- TASK OBJECTIVE -
What you give back must match the data character for character.

- INFORMATION -

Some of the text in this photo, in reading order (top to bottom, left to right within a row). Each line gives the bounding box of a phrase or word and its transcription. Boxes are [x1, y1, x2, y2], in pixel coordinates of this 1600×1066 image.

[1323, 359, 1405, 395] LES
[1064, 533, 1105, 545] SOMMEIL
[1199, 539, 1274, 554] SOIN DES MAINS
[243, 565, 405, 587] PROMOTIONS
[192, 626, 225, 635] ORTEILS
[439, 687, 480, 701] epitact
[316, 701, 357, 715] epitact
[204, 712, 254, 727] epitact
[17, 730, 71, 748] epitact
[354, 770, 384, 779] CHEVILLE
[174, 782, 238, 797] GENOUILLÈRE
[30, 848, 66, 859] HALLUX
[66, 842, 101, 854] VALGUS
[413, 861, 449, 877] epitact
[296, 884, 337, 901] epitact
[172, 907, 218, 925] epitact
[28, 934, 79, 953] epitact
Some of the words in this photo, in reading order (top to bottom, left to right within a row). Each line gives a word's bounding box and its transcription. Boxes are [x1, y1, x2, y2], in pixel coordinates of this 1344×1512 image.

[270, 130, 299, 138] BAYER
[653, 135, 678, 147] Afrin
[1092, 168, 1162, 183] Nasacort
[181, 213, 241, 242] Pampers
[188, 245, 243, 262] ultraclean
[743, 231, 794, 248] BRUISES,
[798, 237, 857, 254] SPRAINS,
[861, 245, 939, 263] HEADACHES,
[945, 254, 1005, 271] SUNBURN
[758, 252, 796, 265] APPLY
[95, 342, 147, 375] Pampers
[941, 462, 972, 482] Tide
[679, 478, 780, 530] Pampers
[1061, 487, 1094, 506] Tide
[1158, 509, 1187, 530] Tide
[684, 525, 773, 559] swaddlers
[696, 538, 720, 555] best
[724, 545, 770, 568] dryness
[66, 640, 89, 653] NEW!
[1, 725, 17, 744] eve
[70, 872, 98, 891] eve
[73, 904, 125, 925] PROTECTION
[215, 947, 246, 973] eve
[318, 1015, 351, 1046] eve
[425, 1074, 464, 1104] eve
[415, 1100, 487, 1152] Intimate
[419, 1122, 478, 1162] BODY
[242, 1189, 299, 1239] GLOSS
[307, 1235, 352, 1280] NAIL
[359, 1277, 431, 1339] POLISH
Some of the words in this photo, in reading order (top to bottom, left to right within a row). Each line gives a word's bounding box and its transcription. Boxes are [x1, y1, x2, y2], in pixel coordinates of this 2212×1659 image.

- OUTPUT FOR THIS TASK -
Some of the text in this photo, in reading order (top to bottom, left to right within a row). Each line gives the bounding box of a phrase or word and its transcription. Boxes are [x1, y1, x2, y2], in pixel coordinates of this 1600×1066 image.

[1323, 359, 1405, 395] LES
[1064, 533, 1105, 545] SOMMEIL
[1199, 539, 1274, 554] SOIN DES MAINS
[243, 565, 405, 587] PROMOTIONS
[192, 626, 225, 635] ORTEILS
[439, 687, 480, 701] epitact
[316, 701, 357, 715] epitact
[204, 712, 254, 727] epitact
[17, 730, 71, 748] epitact
[354, 770, 384, 779] CHEVILLE
[174, 782, 238, 797] GENOUILLÈRE
[30, 848, 66, 859] HALLUX
[66, 842, 101, 854] VALGUS
[413, 861, 449, 877] epitact
[296, 884, 337, 901] epitact
[172, 907, 218, 925] epitact
[28, 934, 79, 953] epitact
Some of the words in this photo, in reading order (top to bottom, left to right within a row). Each line gives a word's bounding box and its transcription. Boxes are [x1, y1, x2, y2], in pixel coordinates of this 1344×1512 image.

[270, 130, 299, 138] BAYER
[653, 135, 678, 147] Afrin
[1092, 168, 1162, 183] Nasacort
[181, 213, 241, 242] Pampers
[188, 245, 243, 262] ultraclean
[743, 231, 794, 248] BRUISES,
[798, 237, 857, 254] SPRAINS,
[861, 245, 939, 263] HEADACHES,
[945, 254, 1005, 271] SUNBURN
[758, 252, 796, 265] APPLY
[95, 342, 147, 375] Pampers
[941, 462, 972, 482] Tide
[679, 478, 780, 530] Pampers
[1061, 487, 1094, 506] Tide
[1158, 509, 1187, 530] Tide
[684, 525, 773, 559] swaddlers
[696, 538, 720, 555] best
[724, 545, 770, 568] dryness
[66, 640, 89, 653] NEW!
[1, 725, 17, 744] eve
[70, 872, 98, 891] eve
[73, 904, 125, 925] PROTECTION
[215, 947, 246, 973] eve
[318, 1015, 351, 1046] eve
[425, 1074, 464, 1104] eve
[415, 1100, 487, 1152] Intimate
[419, 1122, 478, 1162] BODY
[242, 1189, 299, 1239] GLOSS
[307, 1235, 352, 1280] NAIL
[359, 1277, 431, 1339] POLISH
Some of the words in this photo, in reading order (top to bottom, left to right within a row). Each line gives a word's bounding box and its transcription. Boxes are [x1, y1, x2, y2], in pixel coordinates of this 2212×1659 image.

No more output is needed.